Material for the task
------------

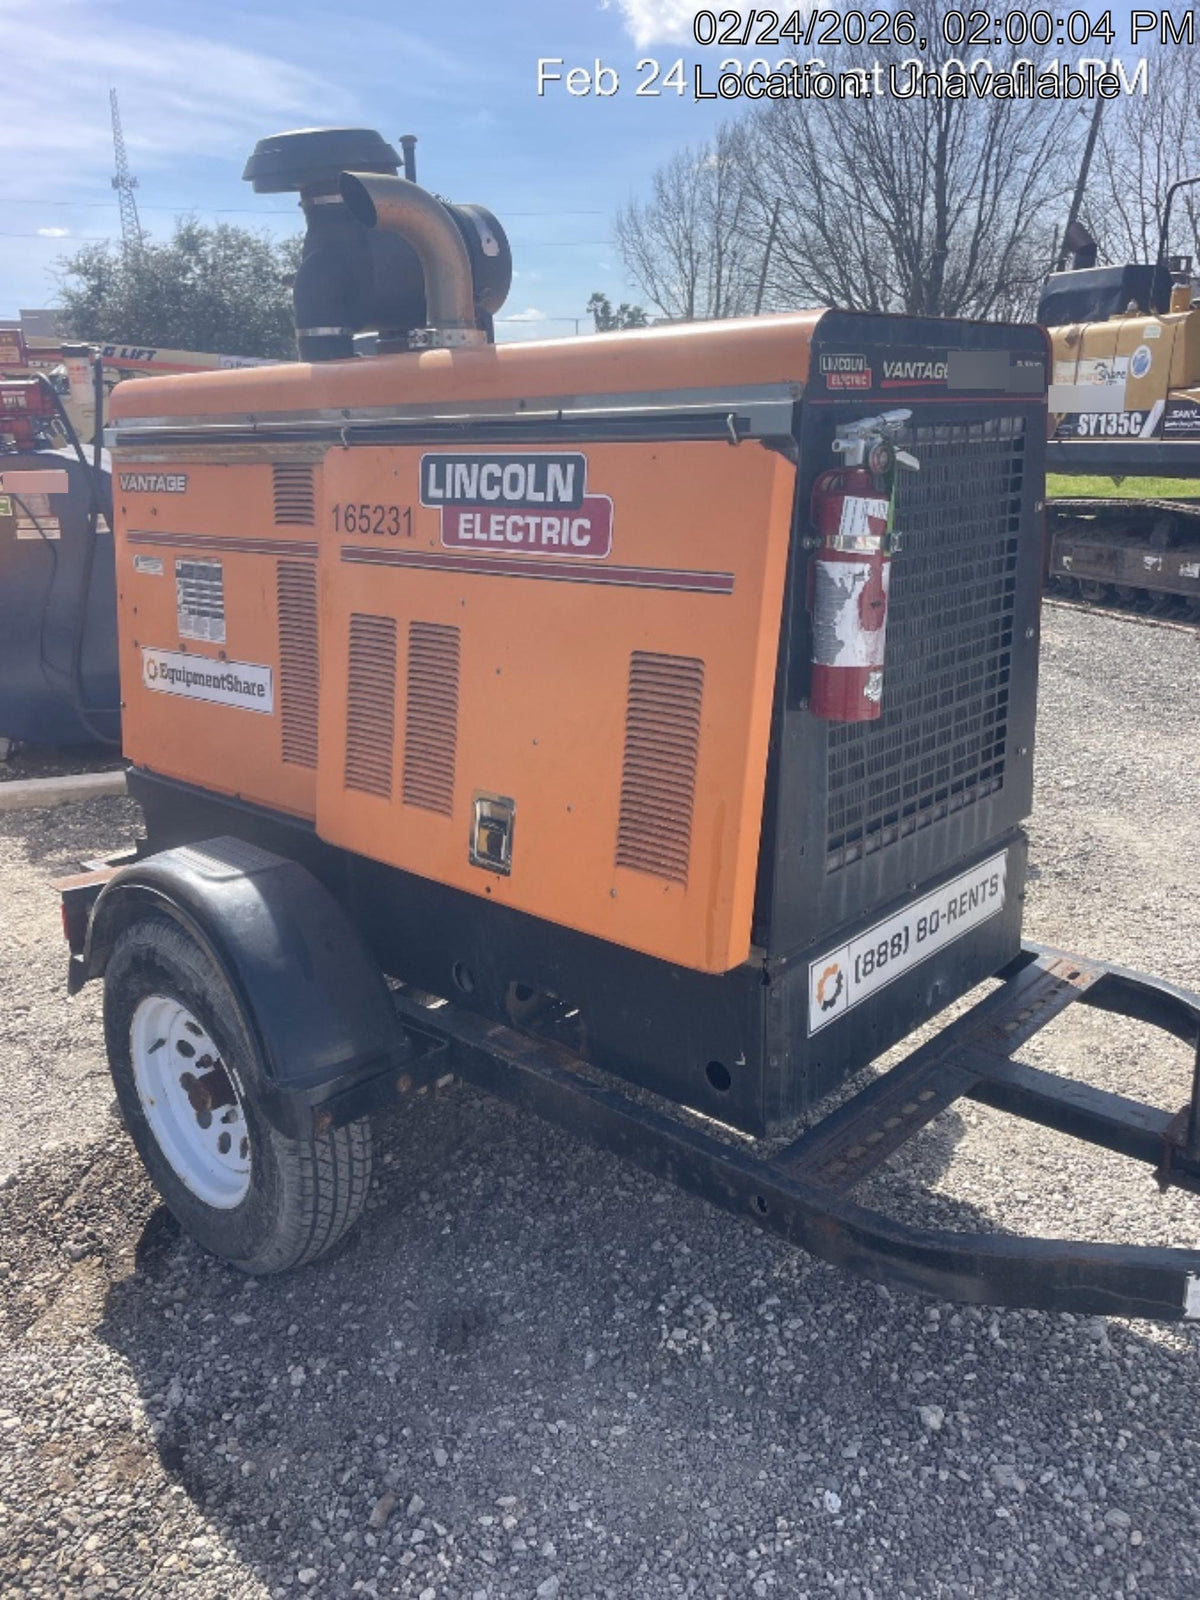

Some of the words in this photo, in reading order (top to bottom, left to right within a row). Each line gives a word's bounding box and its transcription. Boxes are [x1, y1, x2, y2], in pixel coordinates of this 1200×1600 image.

[822, 356, 864, 371] LINCOLN
[1077, 412, 1143, 436] SY135C
[118, 472, 188, 493] VANTAGE
[427, 462, 575, 503] LINCOLN
[331, 503, 413, 538] 165231
[458, 512, 592, 548] ELECTRIC
[159, 662, 266, 697] EquipmentShare
[854, 925, 910, 984] (888)
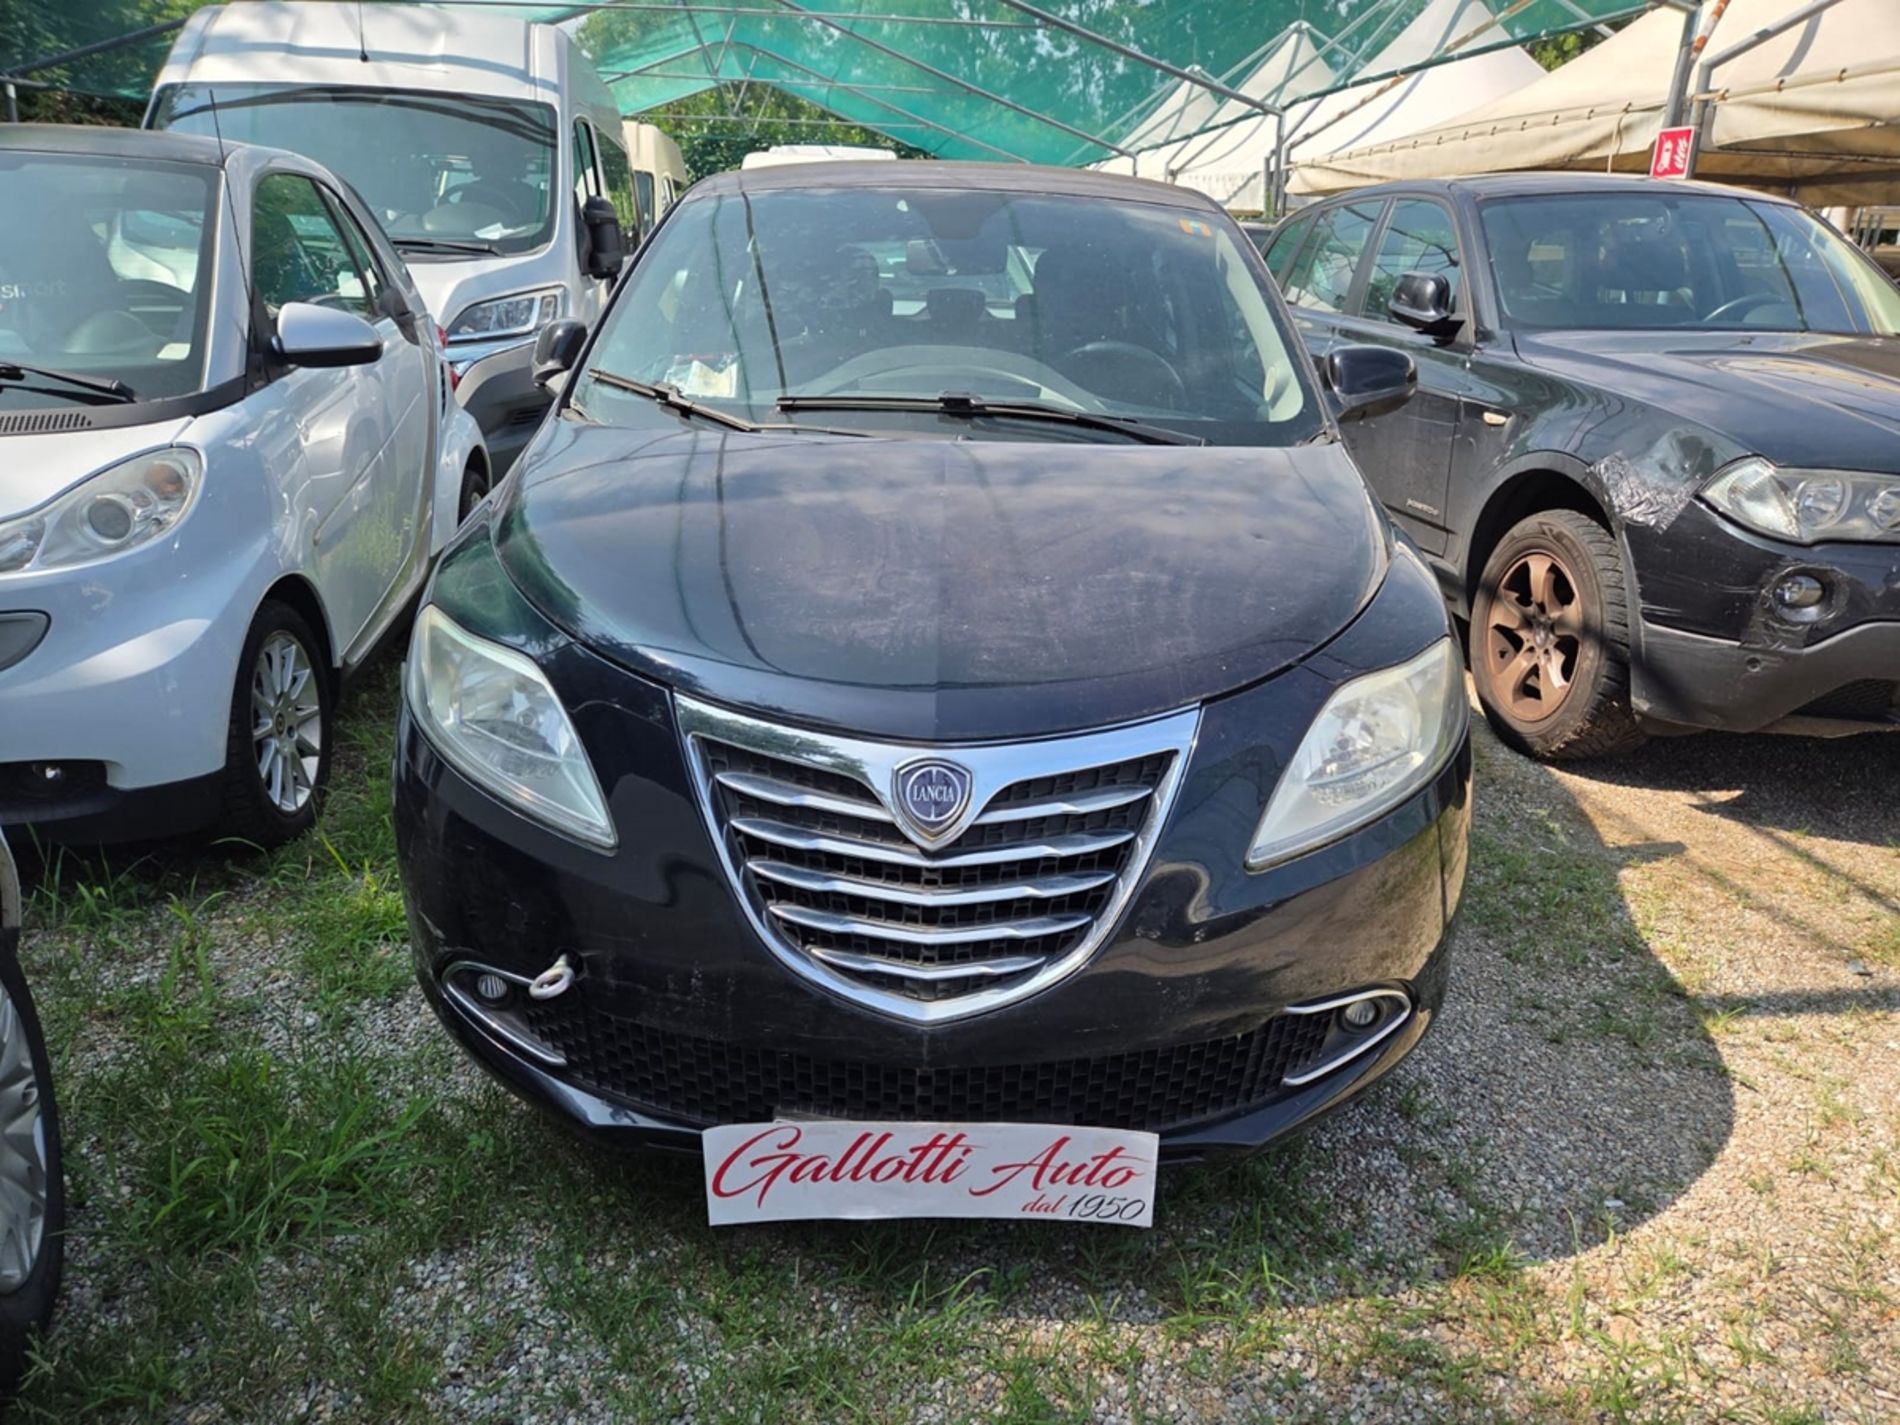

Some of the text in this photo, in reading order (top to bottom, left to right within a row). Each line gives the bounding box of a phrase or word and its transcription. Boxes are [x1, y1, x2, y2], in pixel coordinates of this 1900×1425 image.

[912, 785, 954, 802] LANCIA
[711, 1126, 1150, 1208] Gallotti Auto
[1022, 1193, 1147, 1220] dal 1950
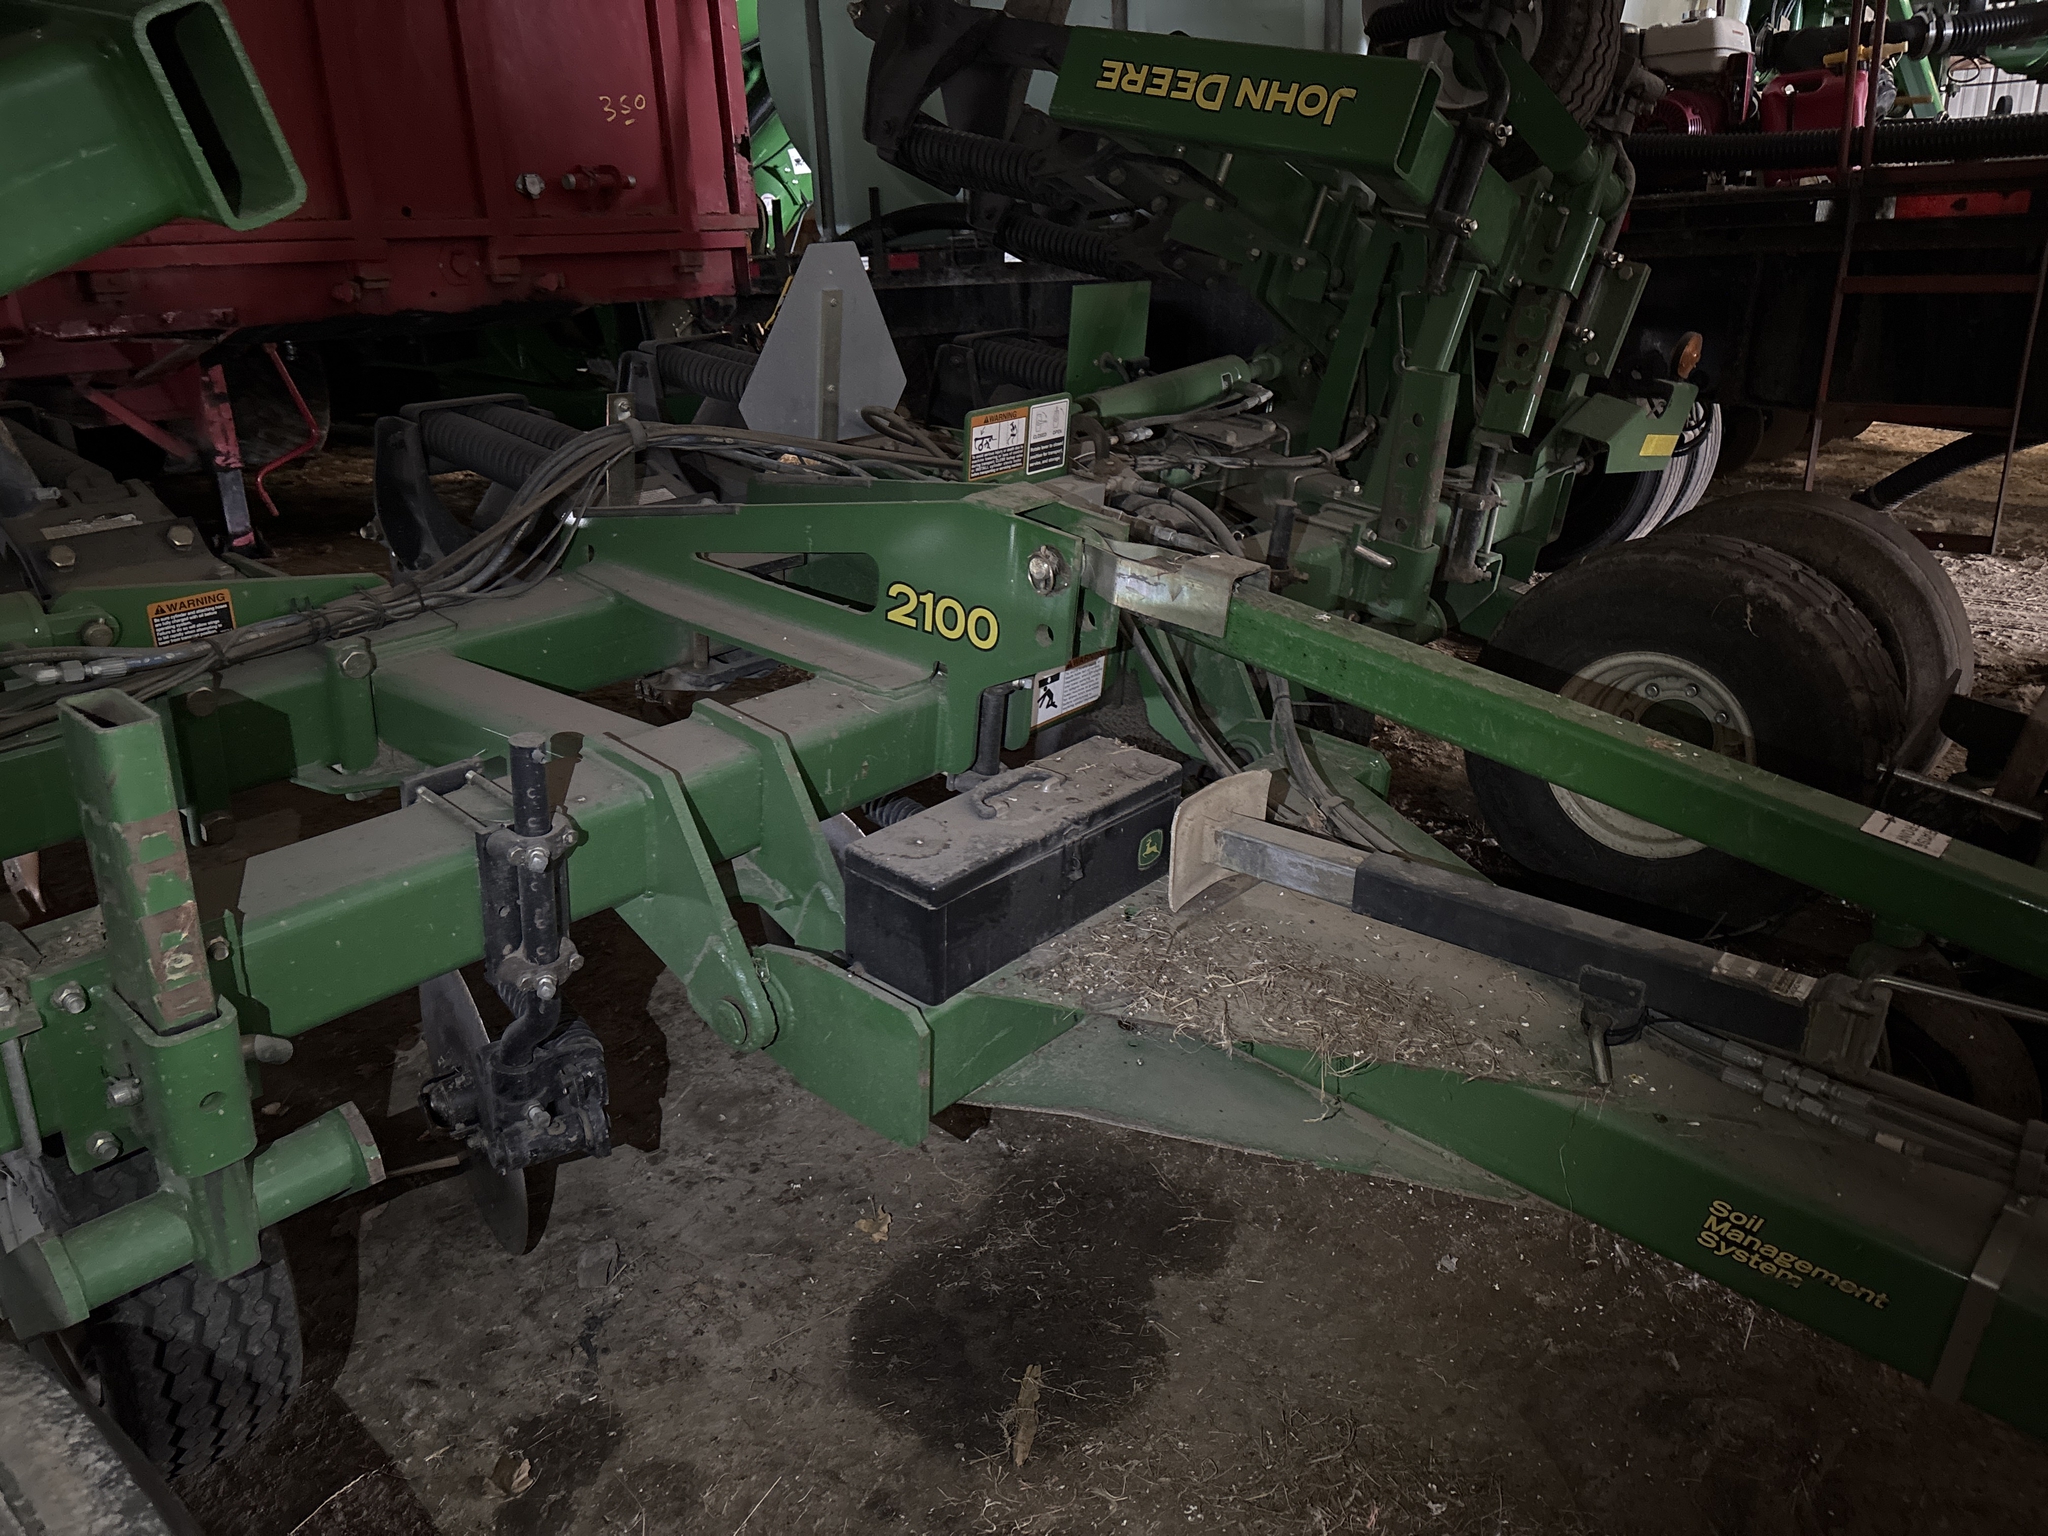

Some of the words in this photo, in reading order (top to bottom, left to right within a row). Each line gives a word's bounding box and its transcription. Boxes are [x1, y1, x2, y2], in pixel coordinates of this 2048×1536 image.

------------

What is being asked
Output the listing above exactly as it stands; no picture should appear.

Task response
Some of the words in this photo, in reading order (top to bottom, left to right within a row). Each line gives a word's bounding box and its transcription. Boxes are [x1, y1, x2, y2], in pixel coordinates of this 1200×1600 image.

[822, 356, 864, 371] LINCOLN
[1077, 412, 1143, 436] SY135C
[118, 472, 188, 493] VANTAGE
[427, 462, 575, 503] LINCOLN
[331, 503, 413, 538] 165231
[458, 512, 592, 548] ELECTRIC
[159, 662, 266, 697] EquipmentShare
[854, 925, 910, 984] (888)

Some of the text in this photo, in reading order (top to bottom, left to right within a row). Each line gives the bounding box of a phrase or word and its transcription. Boxes are [x1, y1, x2, y2], in pixel coordinates of this 1900×1425 image.

[912, 785, 954, 802] LANCIA
[711, 1126, 1150, 1208] Gallotti Auto
[1022, 1193, 1147, 1220] dal 1950

Some of the words in this photo, in reading order (top to bottom, left to right within a row). Each line gives a word's bounding box and its transcription. Boxes are [x1, y1, x2, y2], in pixel coordinates of this 2048×1536 image.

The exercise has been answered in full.